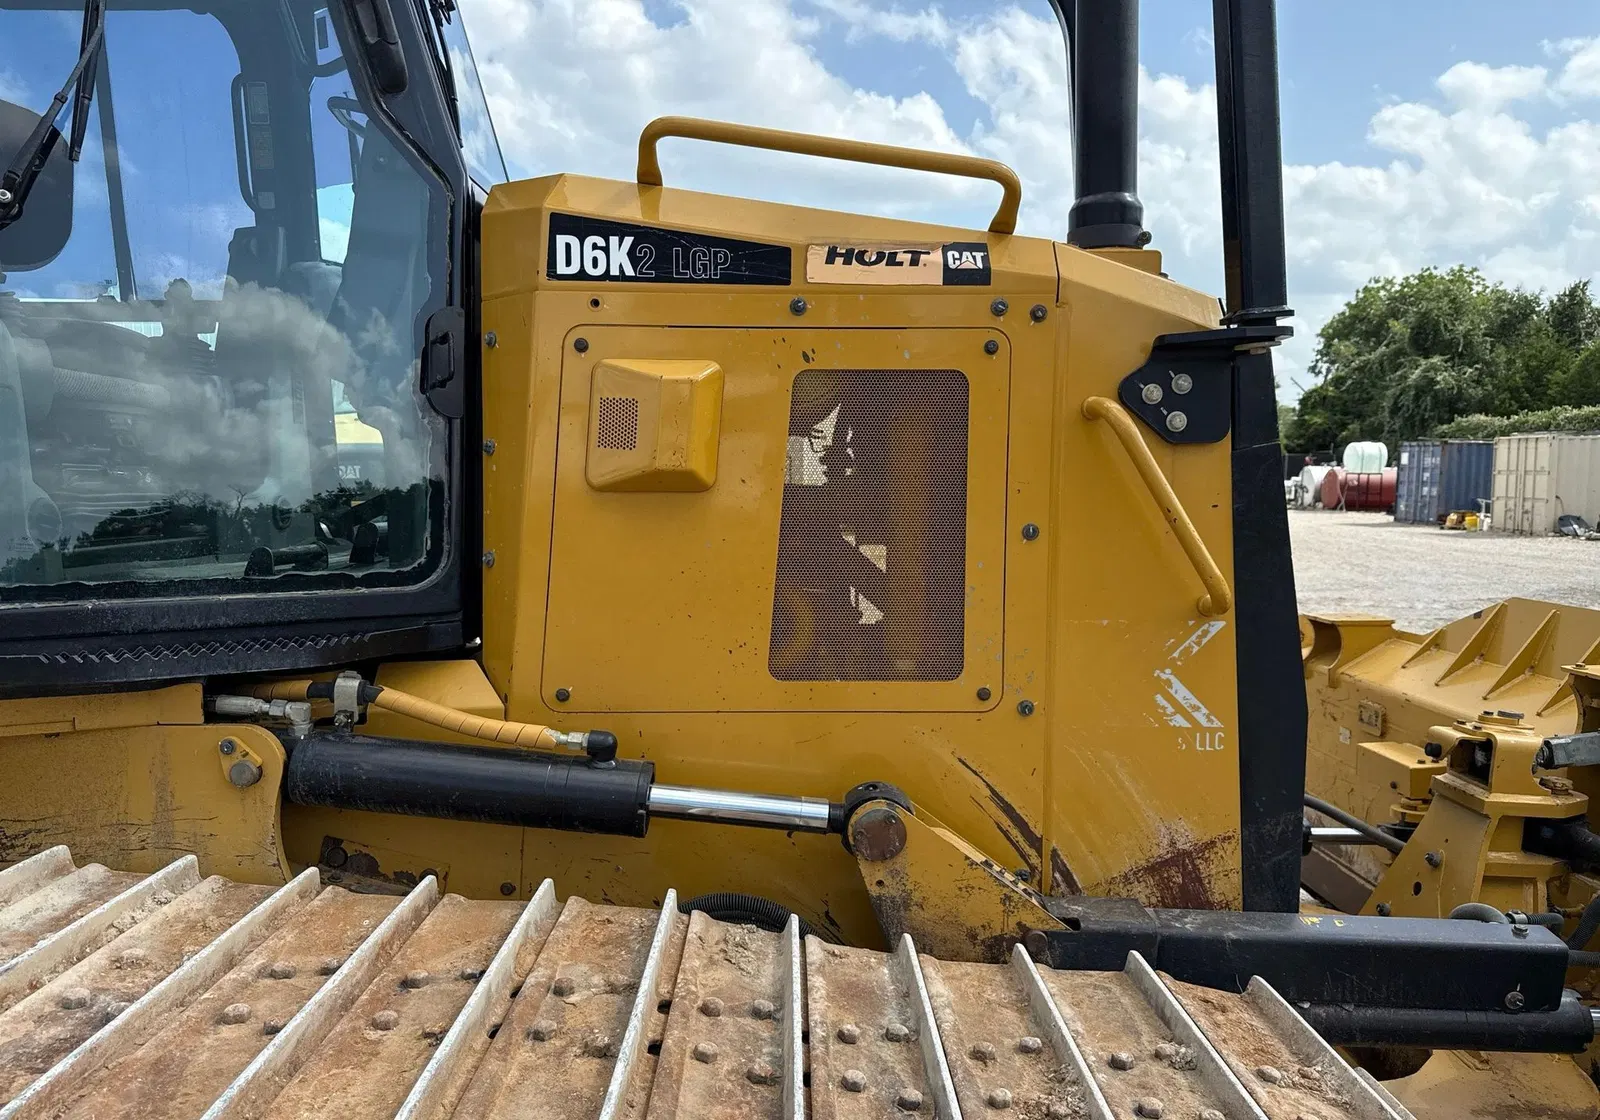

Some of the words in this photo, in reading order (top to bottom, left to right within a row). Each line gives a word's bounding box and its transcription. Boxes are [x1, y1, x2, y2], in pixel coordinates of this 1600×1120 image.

[672, 247, 731, 279] LGP
[824, 245, 931, 267] HOLT
[946, 250, 985, 270] CAT
[1196, 731, 1225, 751] LLC
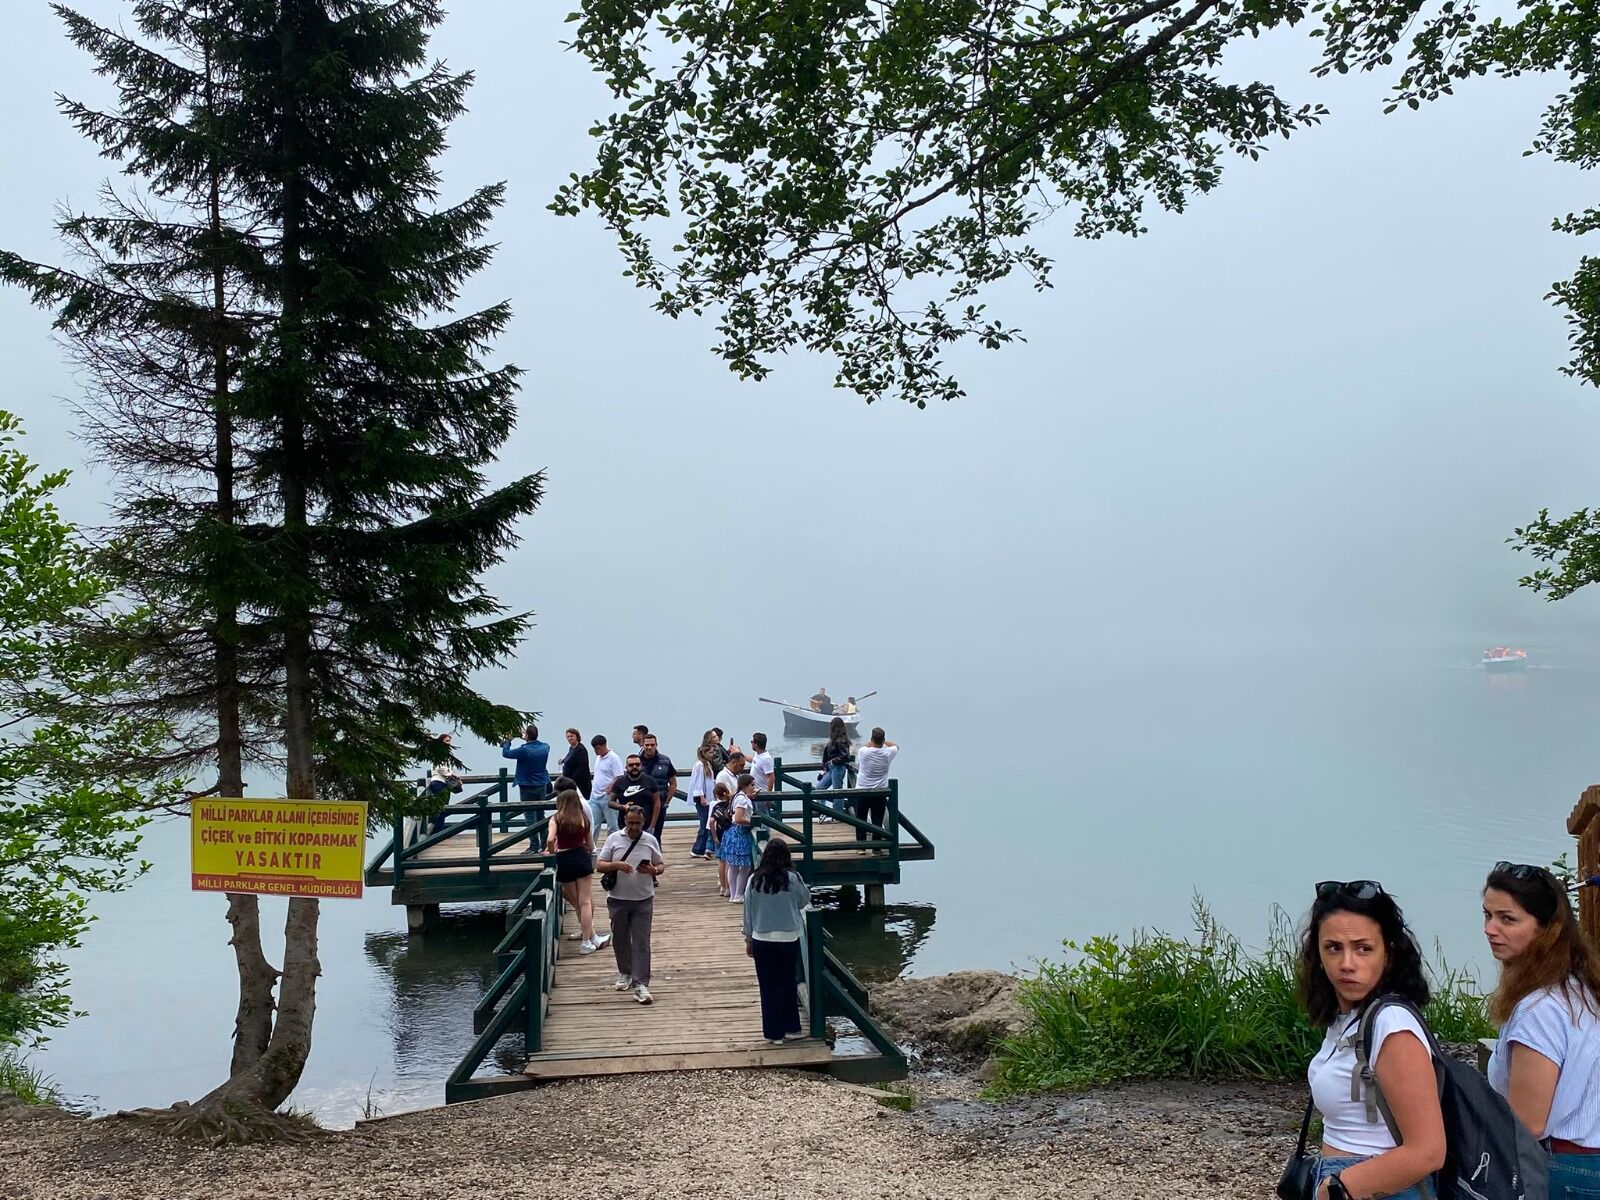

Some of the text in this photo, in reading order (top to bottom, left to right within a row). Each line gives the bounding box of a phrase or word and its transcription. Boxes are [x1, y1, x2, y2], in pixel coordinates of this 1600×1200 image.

[200, 804, 359, 827] MİLLİ PARKLAR ALANI İÇERİSİNDE
[201, 826, 357, 847] ÇİÇEK ve BİTKİ KOPARMAK
[235, 850, 322, 869] YASAKTIR
[198, 877, 358, 895] MİLLİ PARKLAR GENEL MÜDÜRLÜĞÜ

□ □ □ □ □ □ □

→ **Work item**
Everything in the data except the pictures should be restated word for word.

→ **Result for this exercise**
Some of the words in this photo, in reading order (top to bottom, left to right within a row). Each line gives a word's bounding box and its transcription. Boxes are [x1, y1, x2, y2], in pixel coordinates of this 1600×1120 image.

[672, 247, 731, 279] LGP
[824, 245, 931, 267] HOLT
[946, 250, 985, 270] CAT
[1196, 731, 1225, 751] LLC

Some of the text in this photo, in reading order (top to bottom, left to right within a row). Each line gives the bounding box of a phrase or word and its transcription. Boxes are [x1, y1, x2, y2], in pixel coordinates of this 1600×1200 image.

[200, 804, 359, 827] MİLLİ PARKLAR ALANI İÇERİSİNDE
[201, 826, 357, 847] ÇİÇEK ve BİTKİ KOPARMAK
[235, 850, 322, 869] YASAKTIR
[198, 877, 358, 895] MİLLİ PARKLAR GENEL MÜDÜRLÜĞÜ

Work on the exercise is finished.